Nothing in the records may be changed; retype them in full.

◆ **Exercise data**
——————
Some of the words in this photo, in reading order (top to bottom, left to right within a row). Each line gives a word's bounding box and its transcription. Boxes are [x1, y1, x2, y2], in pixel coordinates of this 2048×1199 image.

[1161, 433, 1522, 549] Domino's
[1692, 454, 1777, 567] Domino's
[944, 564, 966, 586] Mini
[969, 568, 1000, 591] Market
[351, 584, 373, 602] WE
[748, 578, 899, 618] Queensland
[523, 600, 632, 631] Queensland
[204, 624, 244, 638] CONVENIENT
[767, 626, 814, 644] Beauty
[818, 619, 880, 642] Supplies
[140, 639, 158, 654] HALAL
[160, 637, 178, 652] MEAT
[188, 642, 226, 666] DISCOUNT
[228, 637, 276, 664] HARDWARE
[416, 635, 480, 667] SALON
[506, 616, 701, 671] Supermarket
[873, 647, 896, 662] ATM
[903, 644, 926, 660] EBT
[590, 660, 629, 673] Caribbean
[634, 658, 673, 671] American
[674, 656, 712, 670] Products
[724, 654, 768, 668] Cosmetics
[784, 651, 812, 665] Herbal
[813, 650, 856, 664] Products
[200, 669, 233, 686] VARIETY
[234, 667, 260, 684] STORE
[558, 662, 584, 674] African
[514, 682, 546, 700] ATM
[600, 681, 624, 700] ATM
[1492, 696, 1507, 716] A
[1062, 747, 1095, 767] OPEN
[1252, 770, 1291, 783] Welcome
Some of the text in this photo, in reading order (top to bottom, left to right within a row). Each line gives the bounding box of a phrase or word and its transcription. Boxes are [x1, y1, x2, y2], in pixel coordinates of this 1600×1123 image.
——————
◆ **Solution to this task**
Some of the words in this photo, in reading order (top to bottom, left to right within a row). Each line gives a word's bounding box and its transcription. Boxes are [x1, y1, x2, y2], in pixel coordinates of this 2048×1199 image.

[1161, 433, 1522, 549] Domino's
[1692, 454, 1777, 567] Domino's
[944, 564, 966, 586] Mini
[969, 568, 1000, 591] Market
[351, 584, 373, 602] WE
[748, 578, 899, 618] Queensland
[523, 600, 632, 631] Queensland
[204, 624, 244, 638] CONVENIENT
[767, 626, 814, 644] Beauty
[818, 619, 880, 642] Supplies
[140, 639, 158, 654] HALAL
[160, 637, 178, 652] MEAT
[188, 642, 226, 666] DISCOUNT
[228, 637, 276, 664] HARDWARE
[416, 635, 480, 667] SALON
[506, 616, 701, 671] Supermarket
[873, 647, 896, 662] ATM
[903, 644, 926, 660] EBT
[590, 660, 629, 673] Caribbean
[634, 658, 673, 671] American
[674, 656, 712, 670] Products
[724, 654, 768, 668] Cosmetics
[784, 651, 812, 665] Herbal
[813, 650, 856, 664] Products
[200, 669, 233, 686] VARIETY
[234, 667, 260, 684] STORE
[558, 662, 584, 674] African
[514, 682, 546, 700] ATM
[600, 681, 624, 700] ATM
[1492, 696, 1507, 716] A
[1062, 747, 1095, 767] OPEN
[1252, 770, 1291, 783] Welcome
Some of the text in this photo, in reading order (top to bottom, left to right within a row). Each line gives the bounding box of a phrase or word and its transcription. Boxes are [x1, y1, x2, y2], in pixel coordinates of this 1600×1123 image.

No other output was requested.